#### WHAT IS EXPECTED
Below are some records; output all of them exactly as they read.

#### INFORMATION
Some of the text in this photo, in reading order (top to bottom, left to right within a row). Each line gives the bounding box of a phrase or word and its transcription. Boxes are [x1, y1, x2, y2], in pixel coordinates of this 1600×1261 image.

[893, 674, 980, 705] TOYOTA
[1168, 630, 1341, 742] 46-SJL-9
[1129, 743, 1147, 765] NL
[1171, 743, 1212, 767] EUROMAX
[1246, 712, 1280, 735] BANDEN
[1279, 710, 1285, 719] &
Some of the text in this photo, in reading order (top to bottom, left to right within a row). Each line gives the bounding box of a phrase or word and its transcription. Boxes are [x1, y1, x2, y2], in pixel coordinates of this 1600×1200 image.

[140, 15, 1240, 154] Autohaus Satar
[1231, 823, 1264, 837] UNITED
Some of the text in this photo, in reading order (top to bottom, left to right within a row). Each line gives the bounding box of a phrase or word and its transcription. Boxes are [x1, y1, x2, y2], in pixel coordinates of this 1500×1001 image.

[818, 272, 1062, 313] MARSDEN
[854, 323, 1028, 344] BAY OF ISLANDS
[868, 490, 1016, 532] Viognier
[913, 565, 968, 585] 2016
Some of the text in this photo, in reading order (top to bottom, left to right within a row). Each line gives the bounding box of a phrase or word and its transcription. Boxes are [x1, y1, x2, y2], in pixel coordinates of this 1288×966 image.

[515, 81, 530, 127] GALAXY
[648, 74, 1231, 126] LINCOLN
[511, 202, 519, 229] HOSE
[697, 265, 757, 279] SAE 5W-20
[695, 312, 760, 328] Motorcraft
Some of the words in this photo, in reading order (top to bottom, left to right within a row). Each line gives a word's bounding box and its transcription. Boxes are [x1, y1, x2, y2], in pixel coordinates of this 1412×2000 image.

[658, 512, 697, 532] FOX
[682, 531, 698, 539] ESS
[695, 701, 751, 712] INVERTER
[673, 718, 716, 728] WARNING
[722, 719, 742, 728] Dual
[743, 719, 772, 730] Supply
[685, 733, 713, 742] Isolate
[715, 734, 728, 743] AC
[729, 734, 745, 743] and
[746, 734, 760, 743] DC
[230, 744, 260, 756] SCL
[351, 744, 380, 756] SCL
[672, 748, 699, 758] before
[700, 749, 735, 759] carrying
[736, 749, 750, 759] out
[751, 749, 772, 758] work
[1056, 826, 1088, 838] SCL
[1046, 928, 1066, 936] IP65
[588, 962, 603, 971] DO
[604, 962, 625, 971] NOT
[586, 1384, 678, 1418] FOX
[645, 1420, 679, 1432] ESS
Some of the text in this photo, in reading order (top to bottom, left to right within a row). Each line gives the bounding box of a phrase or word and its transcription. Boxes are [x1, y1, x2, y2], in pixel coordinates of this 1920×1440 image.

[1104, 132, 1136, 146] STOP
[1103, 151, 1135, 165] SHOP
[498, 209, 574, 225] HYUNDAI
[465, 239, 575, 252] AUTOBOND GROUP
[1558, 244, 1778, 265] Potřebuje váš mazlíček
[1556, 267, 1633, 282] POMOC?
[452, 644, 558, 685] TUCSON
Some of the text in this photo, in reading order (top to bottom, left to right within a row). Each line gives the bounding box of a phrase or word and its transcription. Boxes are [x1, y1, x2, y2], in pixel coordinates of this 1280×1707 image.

#### SOLVED EXERCISE
Some of the text in this photo, in reading order (top to bottom, left to right within a row). Each line gives the bounding box of a phrase or word and its transcription. Boxes are [x1, y1, x2, y2], in pixel coordinates of this 1600×1261 image.

[893, 674, 980, 705] TOYOTA
[1168, 630, 1341, 742] 46-SJL-9
[1129, 743, 1147, 765] NL
[1171, 743, 1212, 767] EUROMAX
[1246, 712, 1280, 735] BANDEN
[1279, 710, 1285, 719] &
Some of the text in this photo, in reading order (top to bottom, left to right within a row). Each line gives the bounding box of a phrase or word and its transcription. Boxes are [x1, y1, x2, y2], in pixel coordinates of this 1600×1200 image.

[140, 15, 1240, 154] Autohaus Satar
[1231, 823, 1264, 837] UNITED
Some of the text in this photo, in reading order (top to bottom, left to right within a row). Each line gives the bounding box of a phrase or word and its transcription. Boxes are [x1, y1, x2, y2], in pixel coordinates of this 1500×1001 image.

[818, 272, 1062, 313] MARSDEN
[854, 323, 1028, 344] BAY OF ISLANDS
[868, 490, 1016, 532] Viognier
[913, 565, 968, 585] 2016
Some of the text in this photo, in reading order (top to bottom, left to right within a row). Each line gives the bounding box of a phrase or word and its transcription. Boxes are [x1, y1, x2, y2], in pixel coordinates of this 1288×966 image.

[515, 81, 530, 127] GALAXY
[648, 74, 1231, 126] LINCOLN
[511, 202, 519, 229] HOSE
[697, 265, 757, 279] SAE 5W-20
[695, 312, 760, 328] Motorcraft
Some of the words in this photo, in reading order (top to bottom, left to right within a row). Each line gives a word's bounding box and its transcription. Boxes are [x1, y1, x2, y2], in pixel coordinates of this 1412×2000 image.

[658, 512, 697, 532] FOX
[682, 531, 698, 539] ESS
[695, 701, 751, 712] INVERTER
[673, 718, 716, 728] WARNING
[722, 719, 742, 728] Dual
[743, 719, 772, 730] Supply
[685, 733, 713, 742] Isolate
[715, 734, 728, 743] AC
[729, 734, 745, 743] and
[746, 734, 760, 743] DC
[230, 744, 260, 756] SCL
[351, 744, 380, 756] SCL
[672, 748, 699, 758] before
[700, 749, 735, 759] carrying
[736, 749, 750, 759] out
[751, 749, 772, 758] work
[1056, 826, 1088, 838] SCL
[1046, 928, 1066, 936] IP65
[588, 962, 603, 971] DO
[604, 962, 625, 971] NOT
[586, 1384, 678, 1418] FOX
[645, 1420, 679, 1432] ESS
Some of the text in this photo, in reading order (top to bottom, left to right within a row). Each line gives the bounding box of a phrase or word and its transcription. Boxes are [x1, y1, x2, y2], in pixel coordinates of this 1920×1440 image.

[1104, 132, 1136, 146] STOP
[1103, 151, 1135, 165] SHOP
[498, 209, 574, 225] HYUNDAI
[465, 239, 575, 252] AUTOBOND GROUP
[1558, 244, 1778, 265] Potřebuje váš mazlíček
[1556, 267, 1633, 282] POMOC?
[452, 644, 558, 685] TUCSON
Some of the text in this photo, in reading order (top to bottom, left to right within a row). Each line gives the bounding box of a phrase or word and its transcription. Boxes are [x1, y1, x2, y2], in pixel coordinates of this 1280×1707 image.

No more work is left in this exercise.